(Collected data)
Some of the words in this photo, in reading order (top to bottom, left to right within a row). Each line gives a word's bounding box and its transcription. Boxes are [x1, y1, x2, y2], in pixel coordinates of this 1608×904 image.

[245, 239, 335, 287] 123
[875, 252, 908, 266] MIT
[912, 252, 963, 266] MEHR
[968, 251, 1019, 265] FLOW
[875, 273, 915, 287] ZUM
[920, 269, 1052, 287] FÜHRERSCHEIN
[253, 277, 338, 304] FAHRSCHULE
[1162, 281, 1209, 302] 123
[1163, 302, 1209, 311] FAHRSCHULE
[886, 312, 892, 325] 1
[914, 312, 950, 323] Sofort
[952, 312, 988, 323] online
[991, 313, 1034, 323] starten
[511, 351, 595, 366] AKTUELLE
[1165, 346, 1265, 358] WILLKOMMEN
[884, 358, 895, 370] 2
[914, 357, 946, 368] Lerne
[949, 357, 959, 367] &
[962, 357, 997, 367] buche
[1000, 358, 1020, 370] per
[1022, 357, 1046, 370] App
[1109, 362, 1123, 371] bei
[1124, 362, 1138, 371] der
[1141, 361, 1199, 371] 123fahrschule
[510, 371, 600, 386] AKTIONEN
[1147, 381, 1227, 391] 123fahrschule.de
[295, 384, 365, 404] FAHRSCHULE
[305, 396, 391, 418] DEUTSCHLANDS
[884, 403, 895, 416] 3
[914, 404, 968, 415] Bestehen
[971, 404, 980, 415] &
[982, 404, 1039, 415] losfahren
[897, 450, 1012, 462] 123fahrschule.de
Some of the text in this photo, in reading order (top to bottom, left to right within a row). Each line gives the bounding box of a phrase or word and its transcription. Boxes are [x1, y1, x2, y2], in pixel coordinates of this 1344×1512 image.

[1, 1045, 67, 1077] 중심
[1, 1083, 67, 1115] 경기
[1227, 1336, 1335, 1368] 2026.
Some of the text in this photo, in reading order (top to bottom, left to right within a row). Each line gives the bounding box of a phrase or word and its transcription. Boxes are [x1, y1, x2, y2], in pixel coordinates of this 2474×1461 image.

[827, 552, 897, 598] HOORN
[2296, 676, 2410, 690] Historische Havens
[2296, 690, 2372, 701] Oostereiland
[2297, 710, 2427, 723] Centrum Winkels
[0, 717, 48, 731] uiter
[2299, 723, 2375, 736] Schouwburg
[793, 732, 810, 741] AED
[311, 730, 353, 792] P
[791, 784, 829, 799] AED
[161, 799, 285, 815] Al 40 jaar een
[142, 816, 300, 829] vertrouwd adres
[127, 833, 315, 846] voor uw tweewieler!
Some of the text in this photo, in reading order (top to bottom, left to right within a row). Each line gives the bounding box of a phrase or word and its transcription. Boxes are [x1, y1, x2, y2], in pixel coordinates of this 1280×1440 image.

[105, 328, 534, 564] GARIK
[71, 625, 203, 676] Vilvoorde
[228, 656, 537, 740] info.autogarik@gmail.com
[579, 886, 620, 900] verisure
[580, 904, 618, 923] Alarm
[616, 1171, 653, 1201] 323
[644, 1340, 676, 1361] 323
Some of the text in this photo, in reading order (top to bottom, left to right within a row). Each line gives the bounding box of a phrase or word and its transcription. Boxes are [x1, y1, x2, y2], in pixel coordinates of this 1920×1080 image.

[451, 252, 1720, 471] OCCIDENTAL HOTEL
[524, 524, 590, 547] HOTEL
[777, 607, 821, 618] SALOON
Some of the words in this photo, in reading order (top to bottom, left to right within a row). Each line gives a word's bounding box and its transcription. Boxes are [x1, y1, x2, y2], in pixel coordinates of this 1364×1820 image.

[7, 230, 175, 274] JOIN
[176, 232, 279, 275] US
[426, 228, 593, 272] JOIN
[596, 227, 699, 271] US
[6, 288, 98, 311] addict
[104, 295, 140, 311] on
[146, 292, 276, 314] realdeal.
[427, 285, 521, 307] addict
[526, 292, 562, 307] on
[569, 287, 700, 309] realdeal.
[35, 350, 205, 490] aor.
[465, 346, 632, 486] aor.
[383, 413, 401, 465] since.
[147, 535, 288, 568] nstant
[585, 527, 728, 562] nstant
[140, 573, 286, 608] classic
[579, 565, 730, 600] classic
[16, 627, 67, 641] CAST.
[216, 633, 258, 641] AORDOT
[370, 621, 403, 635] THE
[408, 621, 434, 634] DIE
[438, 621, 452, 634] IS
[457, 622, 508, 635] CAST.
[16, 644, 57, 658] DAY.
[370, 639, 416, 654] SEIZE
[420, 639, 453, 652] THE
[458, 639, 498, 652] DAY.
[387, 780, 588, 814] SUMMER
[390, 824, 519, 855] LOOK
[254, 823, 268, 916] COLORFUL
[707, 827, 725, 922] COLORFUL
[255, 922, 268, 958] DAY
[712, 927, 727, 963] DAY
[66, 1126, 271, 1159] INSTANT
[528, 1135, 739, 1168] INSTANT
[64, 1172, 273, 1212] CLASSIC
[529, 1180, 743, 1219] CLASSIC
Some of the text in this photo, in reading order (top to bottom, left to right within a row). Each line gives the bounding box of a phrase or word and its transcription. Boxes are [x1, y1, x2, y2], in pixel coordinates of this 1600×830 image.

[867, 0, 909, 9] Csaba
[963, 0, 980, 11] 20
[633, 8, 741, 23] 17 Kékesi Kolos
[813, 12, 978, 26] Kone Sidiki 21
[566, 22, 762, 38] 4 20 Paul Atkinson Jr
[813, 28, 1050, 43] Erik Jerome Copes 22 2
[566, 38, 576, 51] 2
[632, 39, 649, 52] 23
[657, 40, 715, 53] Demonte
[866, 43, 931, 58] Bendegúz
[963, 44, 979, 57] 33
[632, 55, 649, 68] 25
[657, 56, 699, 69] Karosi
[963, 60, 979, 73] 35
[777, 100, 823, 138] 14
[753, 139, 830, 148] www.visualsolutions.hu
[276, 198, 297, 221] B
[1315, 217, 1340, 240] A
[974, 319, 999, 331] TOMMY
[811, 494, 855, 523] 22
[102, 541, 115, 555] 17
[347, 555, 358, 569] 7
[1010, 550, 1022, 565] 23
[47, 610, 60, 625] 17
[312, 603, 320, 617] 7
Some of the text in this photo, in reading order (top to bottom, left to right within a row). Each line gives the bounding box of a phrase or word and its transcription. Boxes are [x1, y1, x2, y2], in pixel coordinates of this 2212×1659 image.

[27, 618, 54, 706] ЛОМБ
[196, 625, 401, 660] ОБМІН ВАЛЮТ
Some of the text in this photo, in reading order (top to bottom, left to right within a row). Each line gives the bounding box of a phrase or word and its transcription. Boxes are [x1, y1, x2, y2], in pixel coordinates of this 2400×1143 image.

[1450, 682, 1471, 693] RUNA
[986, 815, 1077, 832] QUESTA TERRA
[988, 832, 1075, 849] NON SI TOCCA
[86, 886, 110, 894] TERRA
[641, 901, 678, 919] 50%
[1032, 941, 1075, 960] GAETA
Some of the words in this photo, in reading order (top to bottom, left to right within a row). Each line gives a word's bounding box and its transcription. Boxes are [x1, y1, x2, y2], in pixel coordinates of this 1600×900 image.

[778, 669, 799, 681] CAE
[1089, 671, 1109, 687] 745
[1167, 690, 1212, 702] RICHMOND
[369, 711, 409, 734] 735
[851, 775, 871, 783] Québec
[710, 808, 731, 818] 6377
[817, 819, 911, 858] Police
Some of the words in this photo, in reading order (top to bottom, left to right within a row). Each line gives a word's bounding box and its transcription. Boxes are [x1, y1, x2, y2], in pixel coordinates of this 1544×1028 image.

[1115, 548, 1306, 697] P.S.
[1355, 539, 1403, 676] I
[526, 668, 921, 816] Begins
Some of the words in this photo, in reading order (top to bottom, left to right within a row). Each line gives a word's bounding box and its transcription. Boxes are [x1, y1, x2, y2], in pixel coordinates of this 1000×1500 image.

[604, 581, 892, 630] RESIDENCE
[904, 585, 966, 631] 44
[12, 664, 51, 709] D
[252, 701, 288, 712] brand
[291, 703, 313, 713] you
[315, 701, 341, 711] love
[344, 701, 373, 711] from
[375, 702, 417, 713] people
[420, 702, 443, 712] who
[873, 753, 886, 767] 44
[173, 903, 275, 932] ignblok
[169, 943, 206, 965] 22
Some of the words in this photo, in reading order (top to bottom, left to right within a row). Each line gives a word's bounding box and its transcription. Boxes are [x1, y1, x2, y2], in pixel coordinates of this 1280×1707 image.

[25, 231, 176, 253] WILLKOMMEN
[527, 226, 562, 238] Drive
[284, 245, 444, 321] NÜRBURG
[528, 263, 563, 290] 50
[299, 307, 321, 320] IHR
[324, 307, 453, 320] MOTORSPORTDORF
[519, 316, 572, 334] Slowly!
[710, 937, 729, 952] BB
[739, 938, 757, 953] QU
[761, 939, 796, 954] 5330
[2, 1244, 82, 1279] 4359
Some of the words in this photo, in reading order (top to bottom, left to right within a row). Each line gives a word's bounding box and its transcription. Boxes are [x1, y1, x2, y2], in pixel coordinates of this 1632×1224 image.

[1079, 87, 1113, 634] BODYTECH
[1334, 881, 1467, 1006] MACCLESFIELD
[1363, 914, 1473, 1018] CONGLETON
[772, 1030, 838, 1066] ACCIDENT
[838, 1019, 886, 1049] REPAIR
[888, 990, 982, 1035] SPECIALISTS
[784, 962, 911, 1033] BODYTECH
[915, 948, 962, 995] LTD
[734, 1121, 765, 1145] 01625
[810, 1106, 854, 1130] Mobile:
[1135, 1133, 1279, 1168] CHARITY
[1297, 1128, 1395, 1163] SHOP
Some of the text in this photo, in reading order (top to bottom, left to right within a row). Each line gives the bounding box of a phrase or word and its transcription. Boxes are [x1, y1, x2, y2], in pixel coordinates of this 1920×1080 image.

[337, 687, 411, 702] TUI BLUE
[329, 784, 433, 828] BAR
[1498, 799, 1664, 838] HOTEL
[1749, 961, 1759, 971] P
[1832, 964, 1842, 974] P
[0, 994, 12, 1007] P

**TASK DETAILS:** Starting at the line that contains "this 1632×1224 image.", retype every line through the end of the records exactly, and nothing else.

**ANSWER TO THE PROBLEM:**
Some of the words in this photo, in reading order (top to bottom, left to right within a row). Each line gives a word's bounding box and its transcription. Boxes are [x1, y1, x2, y2], in pixel coordinates of this 1632×1224 image.

[1079, 87, 1113, 634] BODYTECH
[1334, 881, 1467, 1006] MACCLESFIELD
[1363, 914, 1473, 1018] CONGLETON
[772, 1030, 838, 1066] ACCIDENT
[838, 1019, 886, 1049] REPAIR
[888, 990, 982, 1035] SPECIALISTS
[784, 962, 911, 1033] BODYTECH
[915, 948, 962, 995] LTD
[734, 1121, 765, 1145] 01625
[810, 1106, 854, 1130] Mobile:
[1135, 1133, 1279, 1168] CHARITY
[1297, 1128, 1395, 1163] SHOP
Some of the text in this photo, in reading order (top to bottom, left to right within a row). Each line gives the bounding box of a phrase or word and its transcription. Boxes are [x1, y1, x2, y2], in pixel coordinates of this 1920×1080 image.

[337, 687, 411, 702] TUI BLUE
[329, 784, 433, 828] BAR
[1498, 799, 1664, 838] HOTEL
[1749, 961, 1759, 971] P
[1832, 964, 1842, 974] P
[0, 994, 12, 1007] P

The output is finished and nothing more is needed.